WAT IS HET TOEKOMSTPERSPECTIEF VOOR VIS IN DE WADDENZEE?
Het onderzoek naar de vragen over vis in de andere deelprojecten geeft nieuwe inzichten in de functie van de Waddenzee voor de onderzochte vissoorten. Op deze manier krijgen we beter inzicht in hoe het huidige beheer van de Waddenzee bijdraagt aan de functies die het gebied heeft voor die vissoorten in verschillende levensstadia. Het bundelen van deze nieuwe informatie, staat centraal in projectonderdeel Integratie. Centraal doel is om te kunnen bepalen welke processen en habitats de meest kritische knelpunten vormen voor vis in de Waddenzee. Dit kunnen knelpunten zijn die bijvoorbeeld de groei, voedselopname, reproductie, of overleving beïnvloeden.

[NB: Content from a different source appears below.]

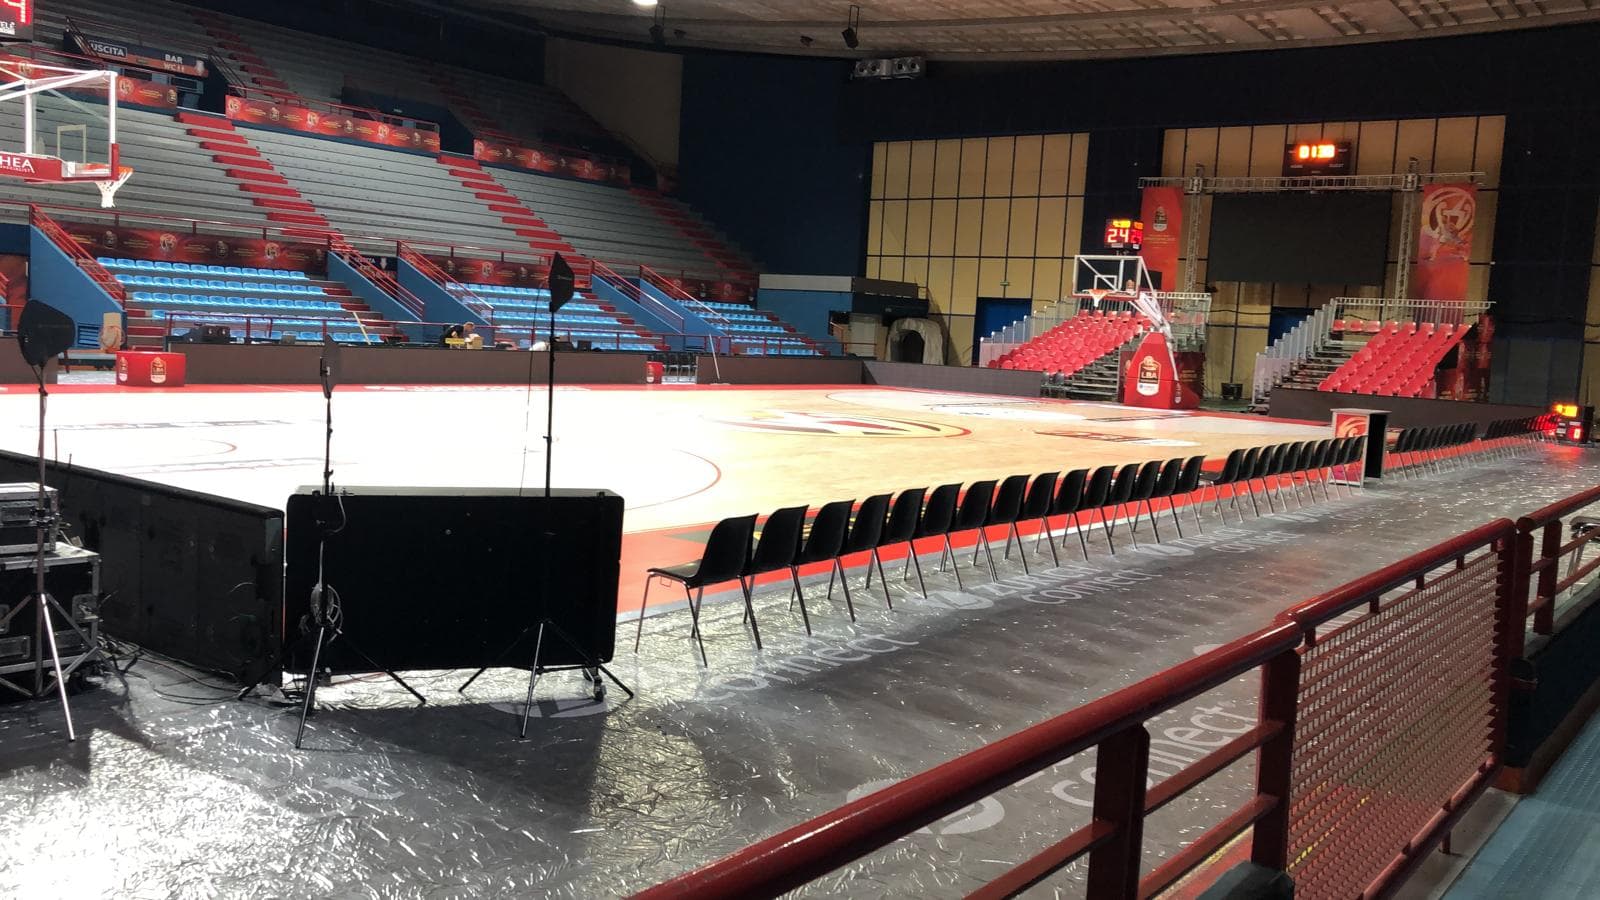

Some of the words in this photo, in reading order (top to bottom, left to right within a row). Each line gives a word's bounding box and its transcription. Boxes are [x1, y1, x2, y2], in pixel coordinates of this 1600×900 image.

De verschillende onderzoeken bieden meer zicht op de swimway van vissoorten en de plek van de Waddenzee in hun levenscyclus. Deze kennis vormt de basis van een model waarmee de impact van maatregelen voor vissen kan worden voorspeld.
Autonome ontwikkelingen
Veel veranderingen in omgevingsfactoren, zoals veranderende zeewatertemperatuur en zoutgehalte, zijn autonome ontwikkelingen: de verandering kunnen niet met beheermaatregelen beïnvloed worden. Ze hebben echter wel een grote invloed op de fysiologie van vissen en op het voedselaanbod. Ze bepalen hoe goed vissen kunnen groeien of overleven en zich voortplanten. Die fysiologische behoeftes en de balans tussen energiebehoefte en aanbod verschillen tussen soorten en zijn anders voor jonge vissen dan voor oude vissen. Om de effecten van deze factoren ook mee te nemen in de integratie, voeren we gerichte experimenten en theoretische analyses uit die specifiek de effecten van omgevingsfactoren op vissen in kaart brengen en het belang daarvan voor knelpunten in de levenscyclus.Uiteindelijk laat dit projectonderdeel zien in welk levensstadium welke factoren beperkend zijn voor groei en overleving .
Toekomstscenario’s
Met deze informatie wordt een model ontwikkeld waarmee de specifieke bijdrage van (nieuwe) beheermaatregelen op de visstand van de Waddenzee kan worden geanalyseerd. De processen die in het populatiemodel gebruikt worden zoals groei, sterfte en voortplanting worden gestuurd door omgevingsfactoren die sterk kunnen variëren: bijvoorbeeld temperatuur, voedsel of de aanwezigheid van een bepaalde leefomgeving. De sleutel tot het begrijpen waarom een soort het goed of slecht doet, ligt dus in het begrip van deze onderlinge processen en dus ook van het effect van de omgeving hierop.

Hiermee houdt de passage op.